**Problem requirements**
Images are to be omitted, and the rest of the records reproduced exactly.

(Referring expression grounding data)
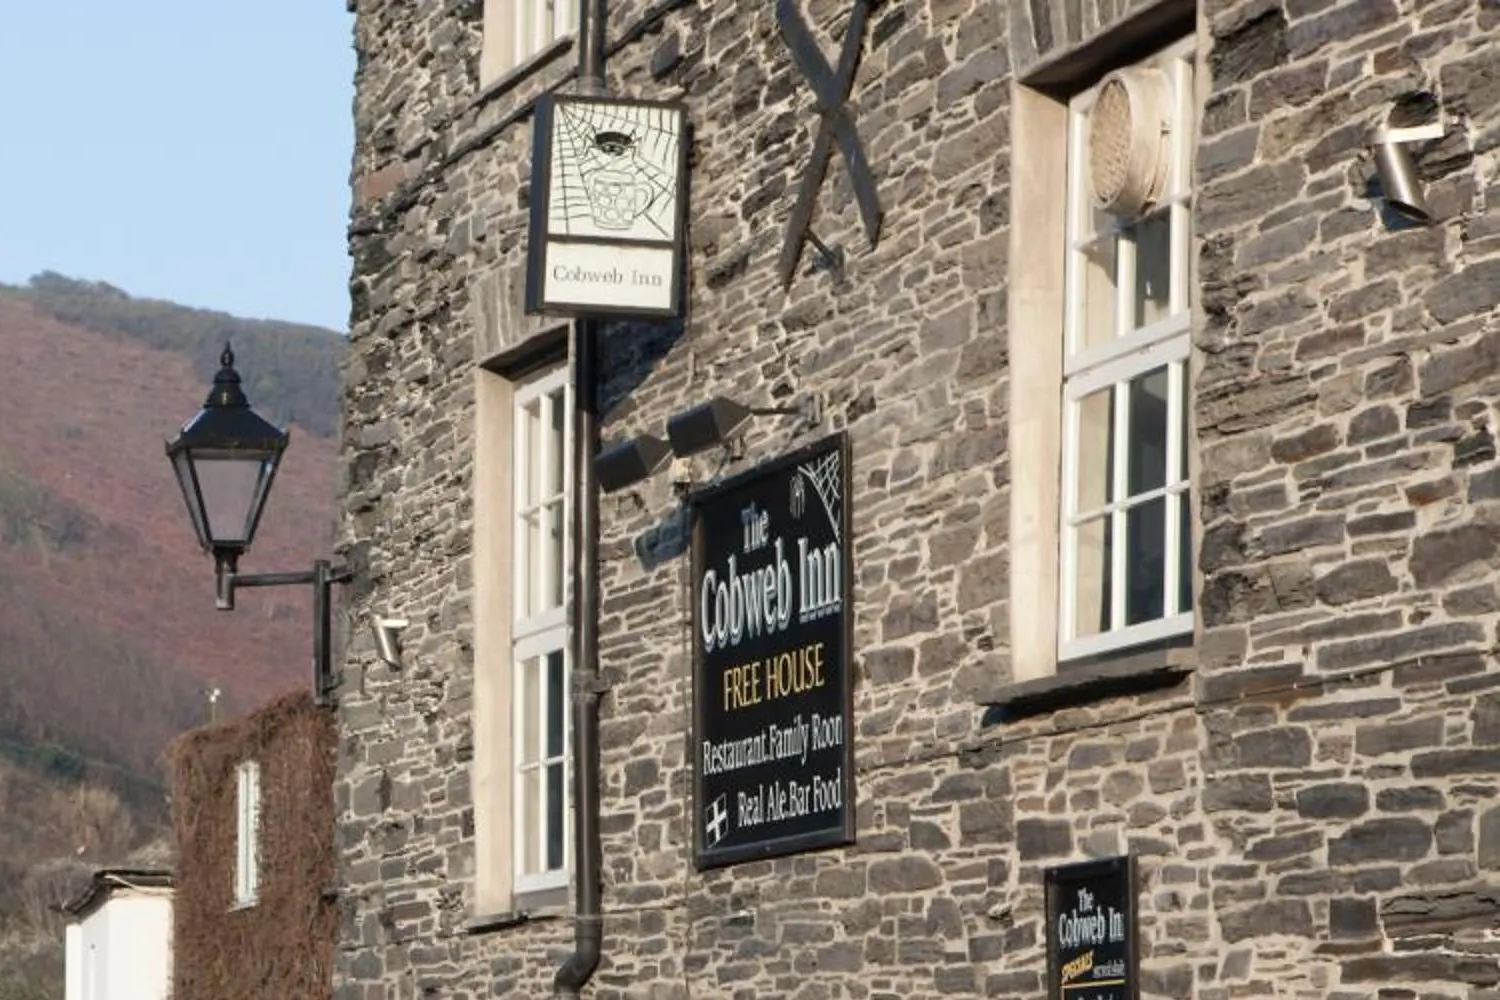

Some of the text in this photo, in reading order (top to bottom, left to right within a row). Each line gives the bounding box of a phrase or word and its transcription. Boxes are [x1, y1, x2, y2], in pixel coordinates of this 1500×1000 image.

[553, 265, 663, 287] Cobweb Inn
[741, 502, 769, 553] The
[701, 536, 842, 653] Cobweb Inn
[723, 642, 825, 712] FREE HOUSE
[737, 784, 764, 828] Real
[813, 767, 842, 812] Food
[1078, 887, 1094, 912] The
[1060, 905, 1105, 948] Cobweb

**Solution to this exercise**
Some of the text in this photo, in reading order (top to bottom, left to right within a row). Each line gives the bounding box of a phrase or word and its transcription. Boxes are [x1, y1, x2, y2], in pixel coordinates of this 1500×1000 image.

[553, 265, 663, 287] Cobweb Inn
[741, 502, 769, 553] The
[701, 536, 842, 653] Cobweb Inn
[723, 642, 825, 712] FREE HOUSE
[737, 784, 764, 828] Real
[813, 767, 842, 812] Food
[1078, 887, 1094, 912] The
[1060, 905, 1105, 948] Cobweb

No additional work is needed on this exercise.